Text-to-region grounding data:
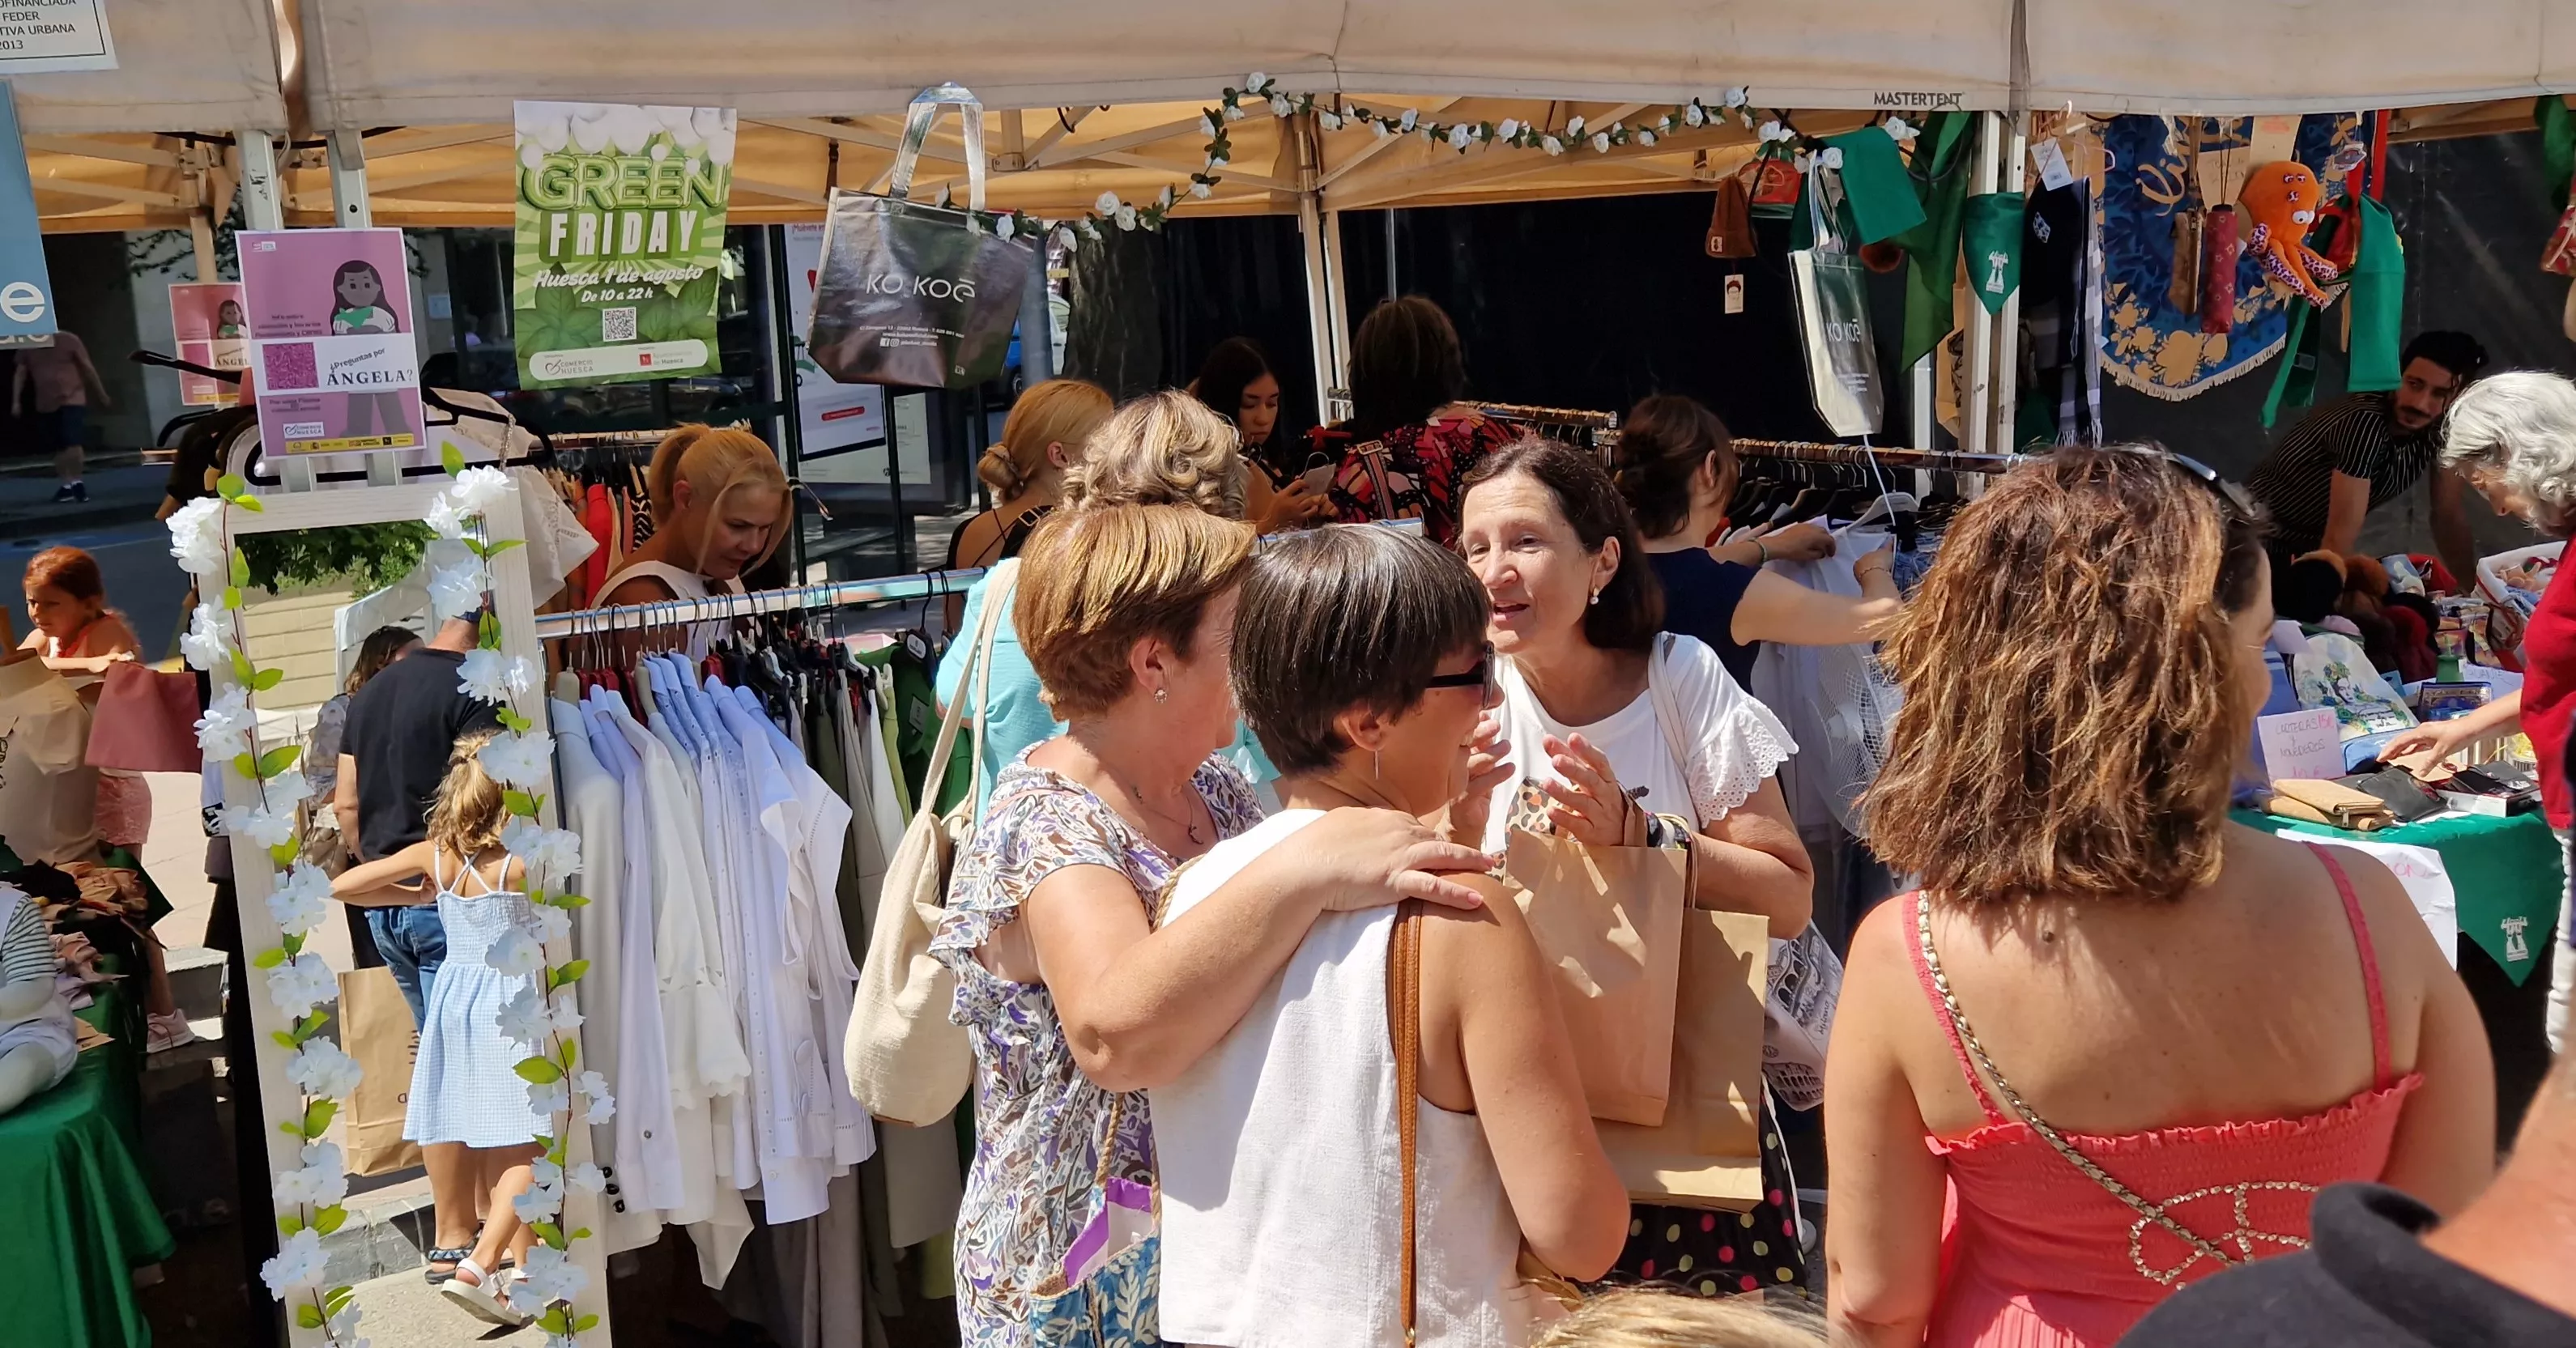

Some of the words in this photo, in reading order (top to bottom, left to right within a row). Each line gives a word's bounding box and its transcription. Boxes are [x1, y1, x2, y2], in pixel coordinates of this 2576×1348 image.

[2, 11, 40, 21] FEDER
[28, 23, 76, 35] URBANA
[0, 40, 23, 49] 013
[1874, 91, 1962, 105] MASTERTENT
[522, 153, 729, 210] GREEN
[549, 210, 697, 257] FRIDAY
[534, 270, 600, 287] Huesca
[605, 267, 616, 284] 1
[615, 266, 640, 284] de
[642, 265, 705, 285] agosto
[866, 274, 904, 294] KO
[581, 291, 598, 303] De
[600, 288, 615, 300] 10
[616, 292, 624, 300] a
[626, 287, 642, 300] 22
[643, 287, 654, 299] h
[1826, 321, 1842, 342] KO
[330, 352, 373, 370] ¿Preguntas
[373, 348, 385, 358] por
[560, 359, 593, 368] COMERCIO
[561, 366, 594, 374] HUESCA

* [EXERCISE] Reproduce every entry exactly, but omit each picture.

* [TASK RESPONSE]
Some of the words in this photo, in reading order (top to bottom, left to right within a row). Each line gives a word's bounding box and its transcription. Boxes are [x1, y1, x2, y2], in pixel coordinates of this 2576×1348 image.

[2, 11, 40, 21] FEDER
[28, 23, 76, 35] URBANA
[0, 40, 23, 49] 013
[1874, 91, 1962, 105] MASTERTENT
[522, 153, 729, 210] GREEN
[549, 210, 697, 257] FRIDAY
[534, 270, 600, 287] Huesca
[605, 267, 616, 284] 1
[615, 266, 640, 284] de
[642, 265, 705, 285] agosto
[866, 274, 904, 294] KO
[581, 291, 598, 303] De
[600, 288, 615, 300] 10
[616, 292, 624, 300] a
[626, 287, 642, 300] 22
[643, 287, 654, 299] h
[1826, 321, 1842, 342] KO
[330, 352, 373, 370] ¿Preguntas
[373, 348, 385, 358] por
[560, 359, 593, 368] COMERCIO
[561, 366, 594, 374] HUESCA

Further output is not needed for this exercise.